Fig. 2 Depth versus breadth: Multi-omics and cell-barcoding methods.

Examples of different technical approaches are shown. (Top) Single-cell nucleosome, methylation, and transcription sequencing (scNMT-seq) (11) by which nucleosome accessibility, DNA methylation, and the transcriptome are read simultaneously at considerable depth in each cell; however, with individual cells processed in parallel but separately, cell numbers that can be currently analyzed in this way are limited to hundreds or thousands. (Middle) Barcoding chromatin in individual cells encapsulated in oil droplets, followed by pooling to bulk up material, enables thousands of cells to be processed while seeking to preserve signal-to-noise ratio (12). (Bottom) Combinatorial-cell barcoding (8, 64), where readouts can be identified as coming from individual cells by unique combinations of barcodes present in each cell. This approach can be carried out on large numbers of cells (millions), but the depth of information per cell is limited.

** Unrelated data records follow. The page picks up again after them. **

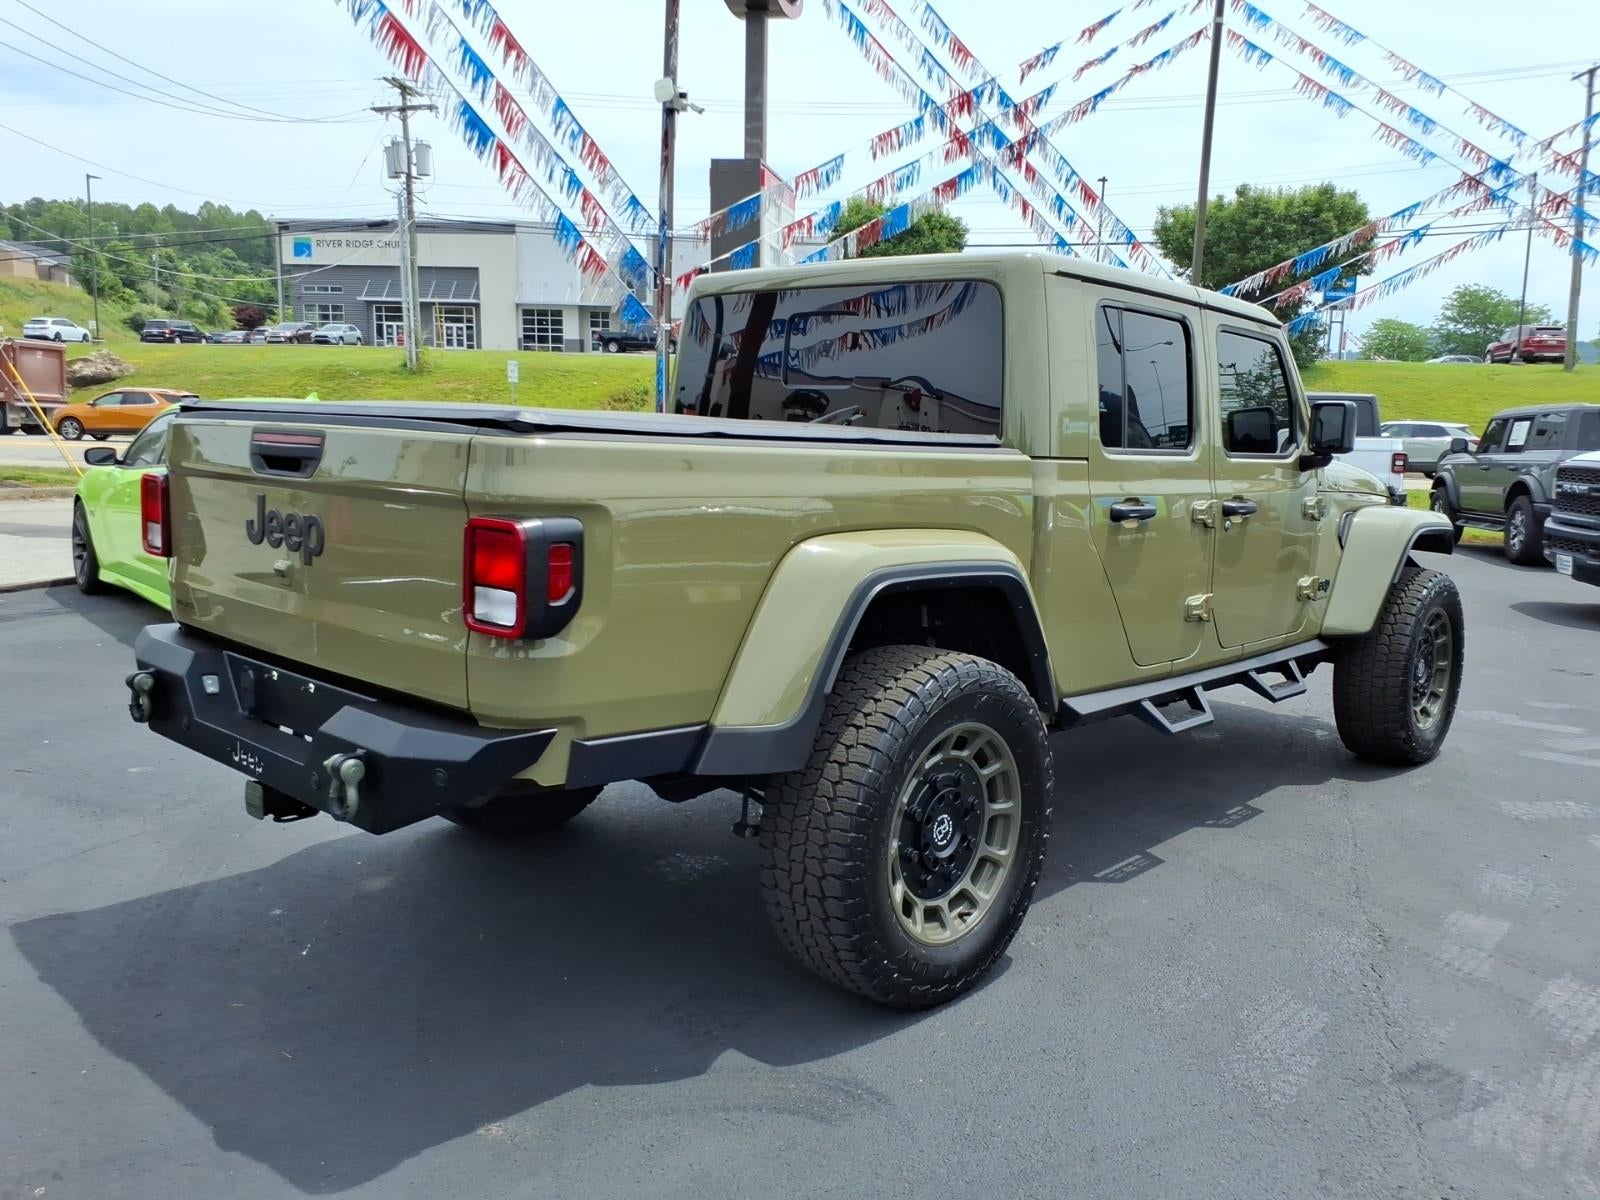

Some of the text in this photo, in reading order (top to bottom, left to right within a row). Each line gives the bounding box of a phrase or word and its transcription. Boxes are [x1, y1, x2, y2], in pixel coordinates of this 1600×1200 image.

[316, 239, 343, 249] RIVER
[345, 239, 375, 249] RIDGE
[246, 493, 326, 567] Jeep
[232, 740, 265, 776] Jeep
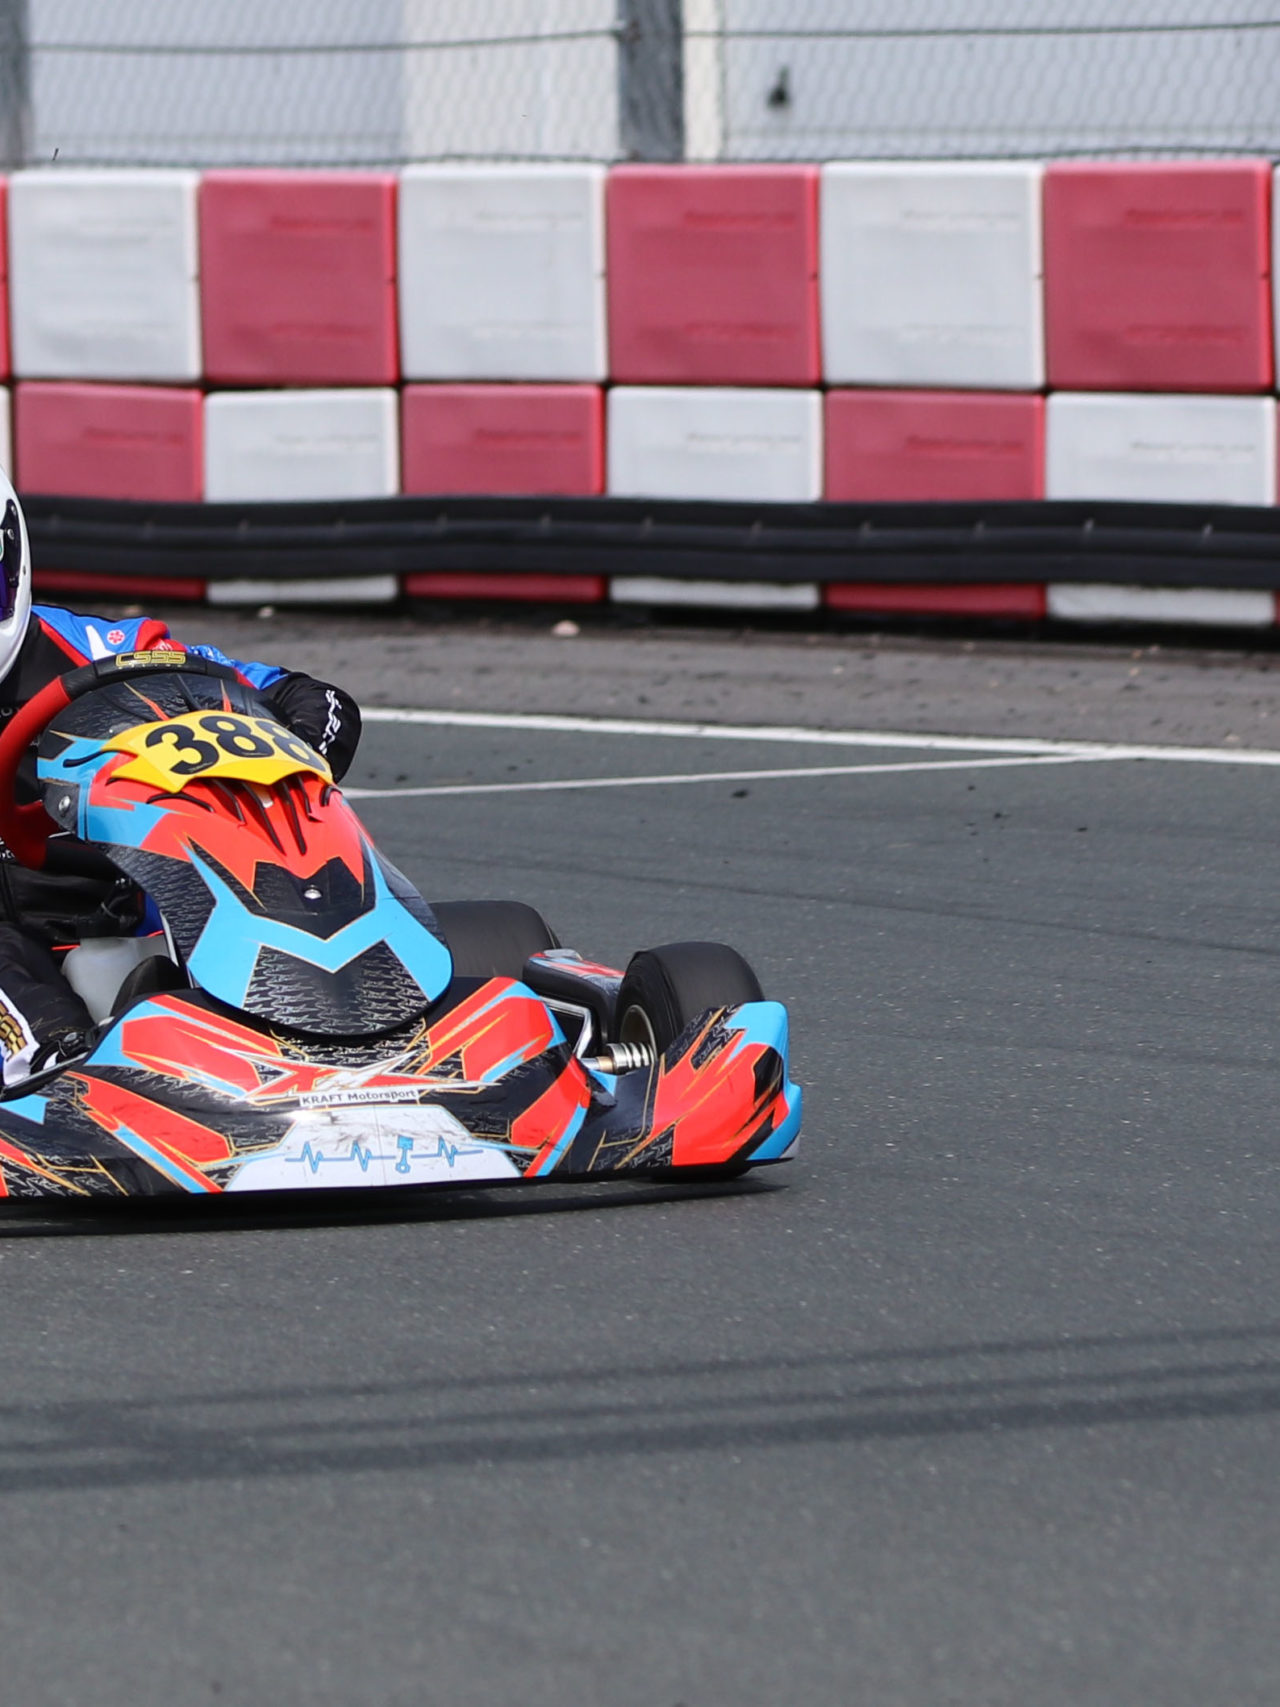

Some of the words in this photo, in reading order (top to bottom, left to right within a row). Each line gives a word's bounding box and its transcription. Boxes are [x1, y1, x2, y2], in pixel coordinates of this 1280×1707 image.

[145, 715, 327, 775] 388
[302, 1094, 343, 1106] KRAFT
[347, 1088, 417, 1104] Motorsport
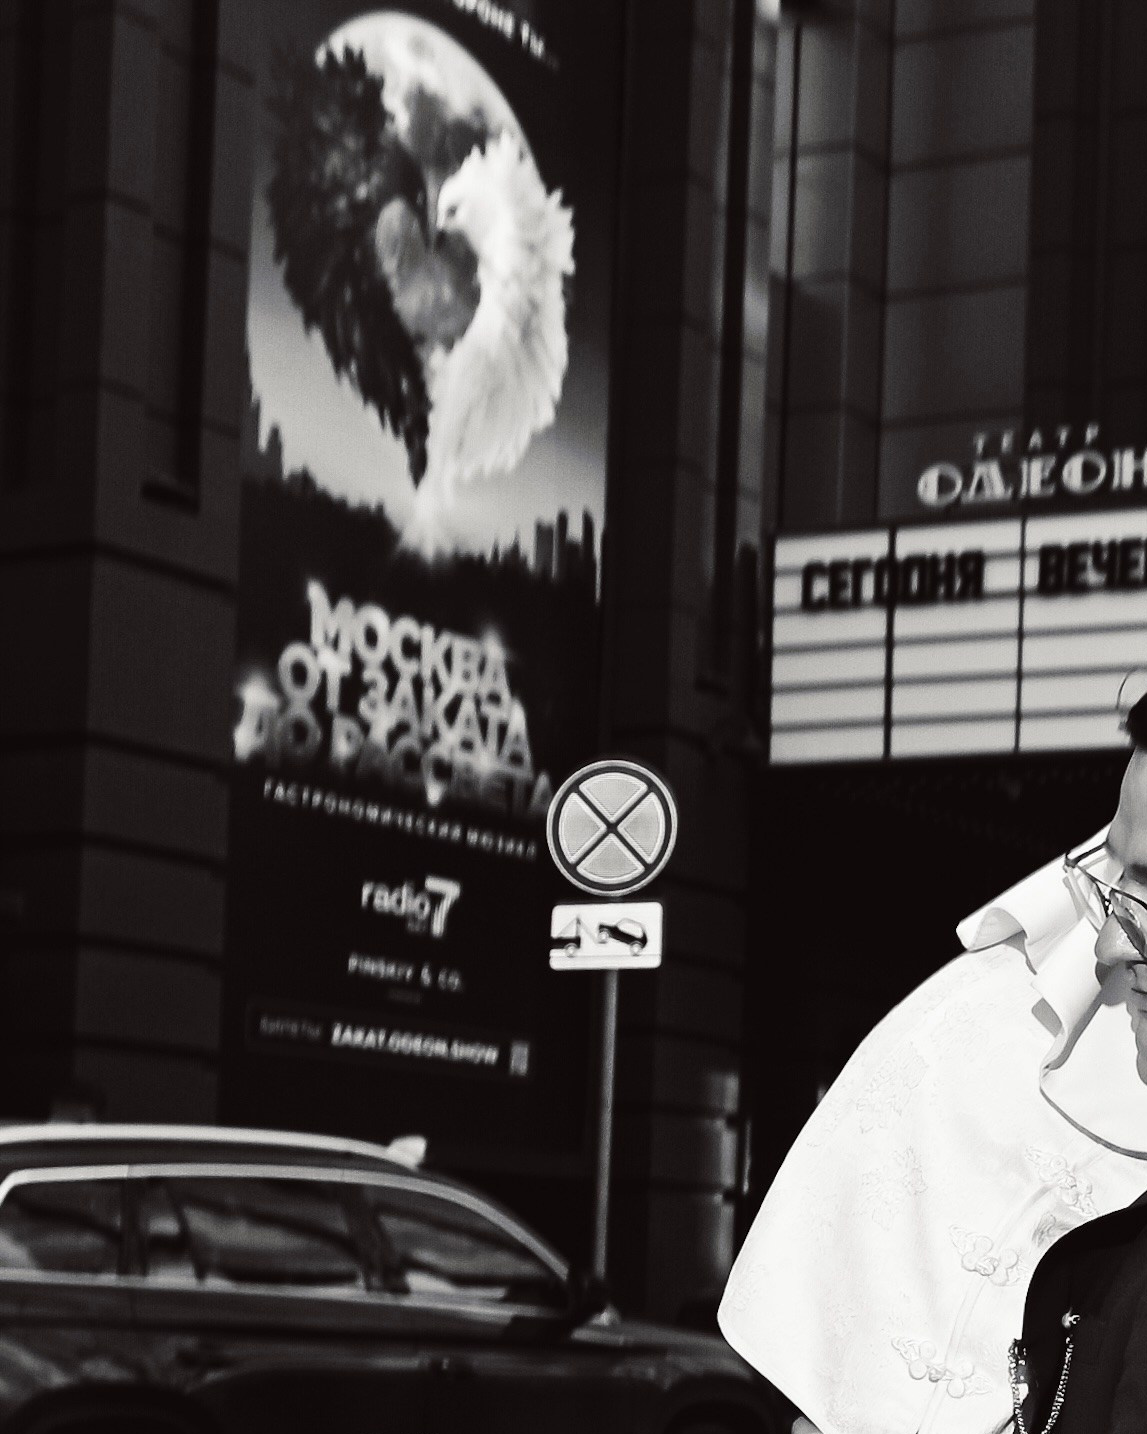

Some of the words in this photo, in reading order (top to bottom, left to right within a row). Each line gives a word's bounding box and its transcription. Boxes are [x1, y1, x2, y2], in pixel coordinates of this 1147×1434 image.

[307, 580, 512, 706] МОСКВА
[801, 549, 985, 612] СЕГОДНЯ
[277, 641, 351, 712] ОТ
[358, 667, 534, 778] ЗАКАТА
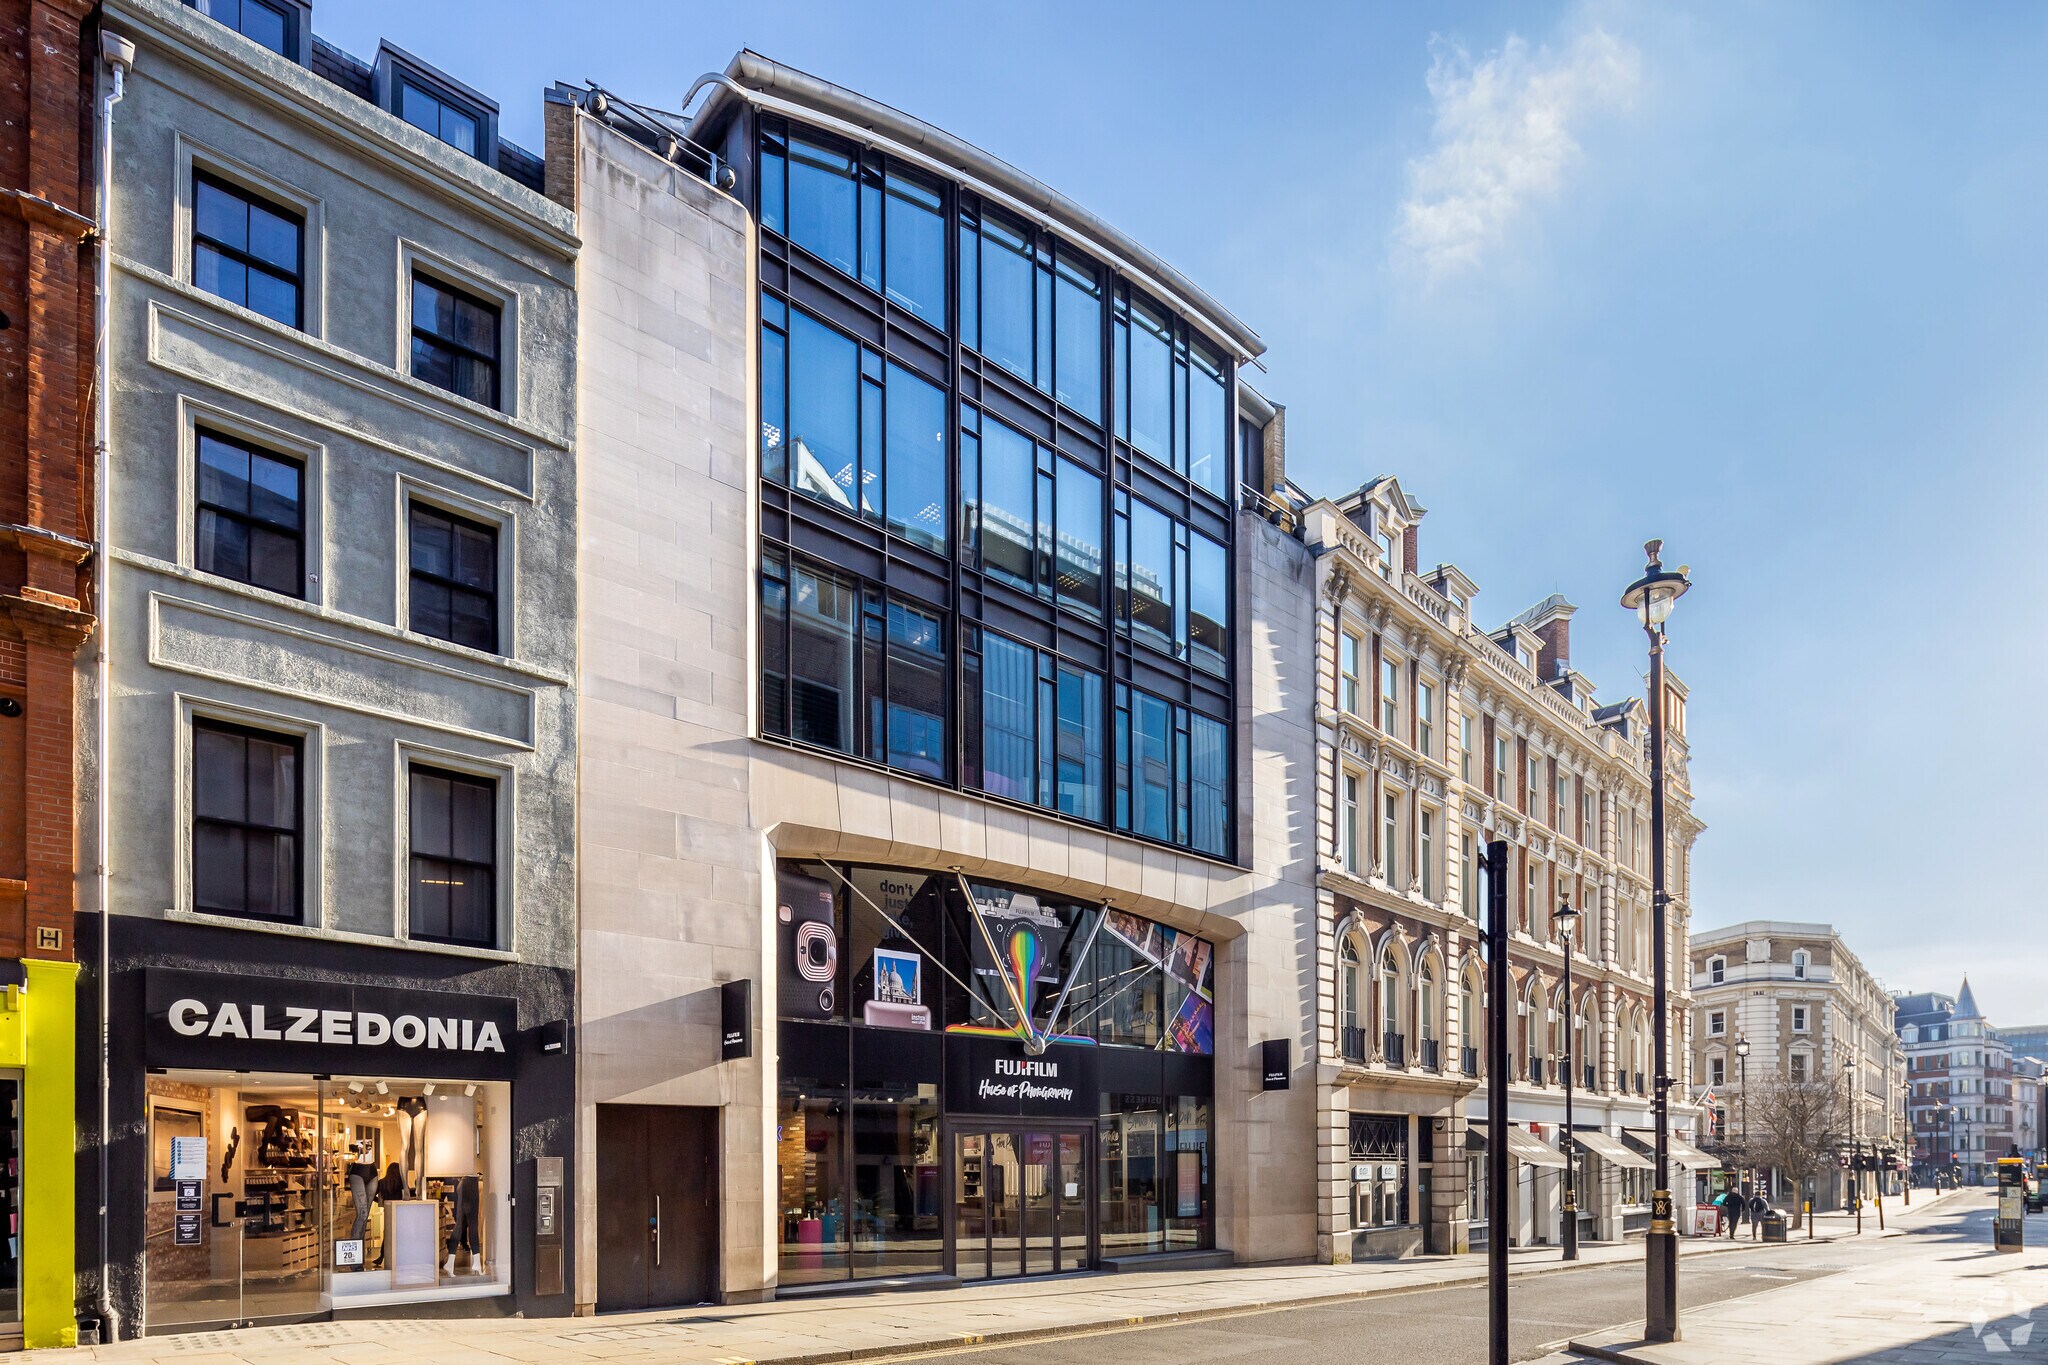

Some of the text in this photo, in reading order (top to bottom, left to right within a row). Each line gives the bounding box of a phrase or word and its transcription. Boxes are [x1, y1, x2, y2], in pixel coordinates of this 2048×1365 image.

[880, 879, 914, 897] don't
[883, 894, 911, 910] just
[40, 928, 59, 949] H
[168, 998, 506, 1053] CALZEDONIA
[995, 1059, 1058, 1078] FUJIFILM

Single-cell profiling of DNA modifications

Because epigenetic information comes in multiple forms—covalent modifications on DNA, posttranslational modifications of histones, chromatin accessibility and compaction, and higher-order conformation of chromosome domains—each layer of information requires a different biochemical approach to profile it. This has implications for the nature and quality of the information generated from single cells and for the ability to combine multiple measures from the same single cell in multi-omic applications. Depending on the type of question, it will be necessary to determine whether depth or breadth (many, many cells) is required for any specific study (Fig. 2).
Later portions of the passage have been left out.